Research projects involving face-to-face contact with YJNSW staff and/or young people may now be conducted with adherence to local procedures.

Affected research projects

  • All approved research projects involving face-to-face contact with staff and/or young people

  • The approval of any pending research applications where the proposed methodology involves face-to-face contact with staff and/or young people.

Our response 

Following the National Cabinet Meeting on Friday, 20 March 2020, a decision was made to suspend all research involving personal contact with staff and/or young people under the supervision of YJNSW for the foreseeable future. This decision was made to assist in the prevention of the spread of any potential cases of COVID-19. 

On Monday 9 November 2020, the YJNSW COVID Working Group provided the following advice;

Approved researchers can now enter Youth Justice Centres to run programs and / or interview young people and staff for research purposes.

  • Researchers will need to complete a screening process on entry, which includes; answering a number of questions, temperature screening and signing a declaration log to confirm they are well. 
  • Researchers will also need to wear a mask when speaking with young people (irrespective of distancing).
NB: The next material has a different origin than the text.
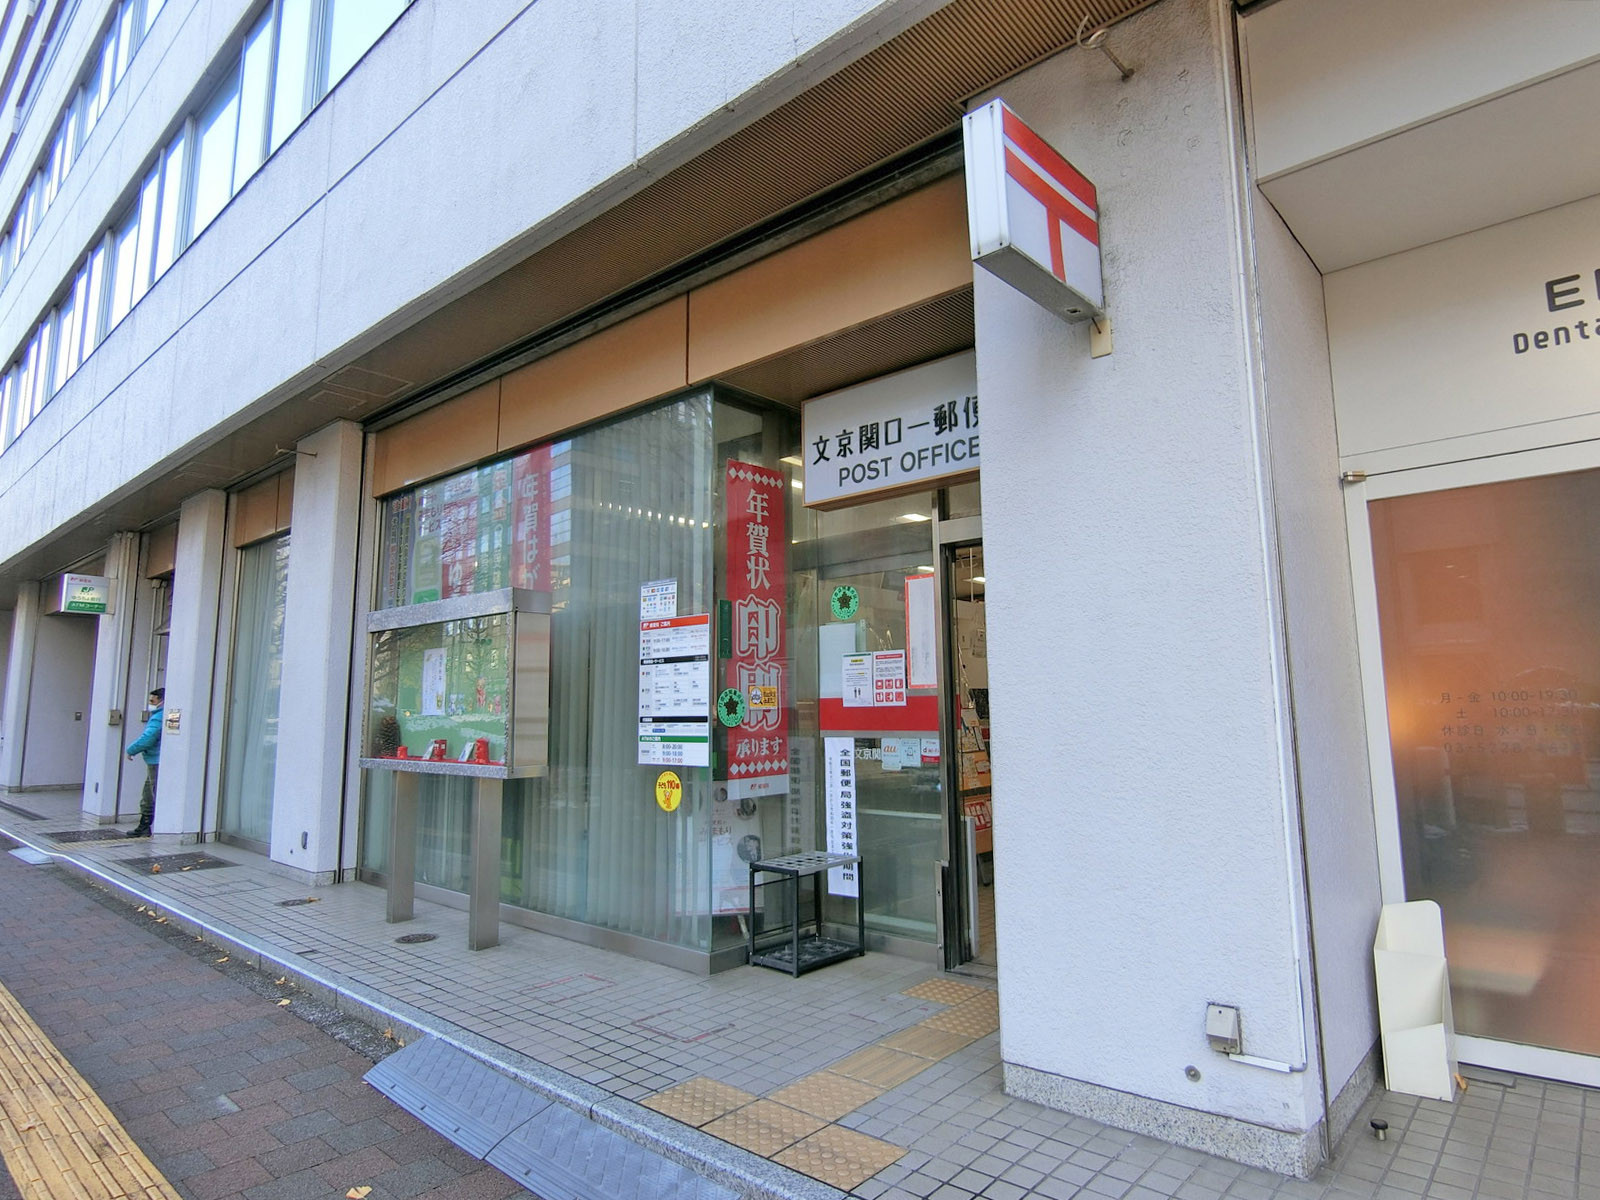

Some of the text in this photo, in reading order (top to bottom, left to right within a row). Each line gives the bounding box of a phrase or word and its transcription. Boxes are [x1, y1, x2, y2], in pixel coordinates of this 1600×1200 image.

Approved researchers can now meet with young people and / or staff to interview them face-to-face in the community. 

  • Researchers will need to negotiate with Area Managers, as each Youth Justice Community Office has COVID restrictions that may limit the number of people that can be in any location at any given time. 
  • Researchers will also need to follow the screening processes applicable to the community office they are attending and wear a mask for all interactions with young people (regardless of whether the meeting is outside or in the office, mask requirements are the same).

Information for researchers

All research proposing face-to-face contact with staff and/or young people, or non-contact forms of data collection, will be considered on a case by case basis.

In addition, the YJNSW Research and Information Unit will continue to support those projects, already approved, where the face-to-face component of the research has been finalised, as well as those solely involving the provision and/or analysis of data. This support will continue to be provided via email or other online methods. 

Should you have any queries in relation to your research project, please contact the YJNSW Research and Information Unit at Research.JJ@justice.nsw.gov.au

Conducting research within Youth Justice NSW

Youth Justice NSW (YJNSW) views research undertaken in its community and custodial centres as a significant contributor to the development and maintenance of evidence-based interventions for young people involved in the criminal justice system.  

YJNSW, however, has a responsibility to ensure that research conducted in its community and custodial centres does not infringe upon the rights, or jeopardise the welfare of, young people involved in the youth justice system or personnel employed by YJNSW, and that research activity does not impede rehabilitation programs, or the provision of a safe and secure environment.

YJNSW is also responsible for the provision of advice to the Minister on a full range of information in order to assist him to make informed decisions or respond where necessary.

Accordingly, all proposals to conduct research in YJNSW centres/offices require the approval of the YJNSW Executive Director. 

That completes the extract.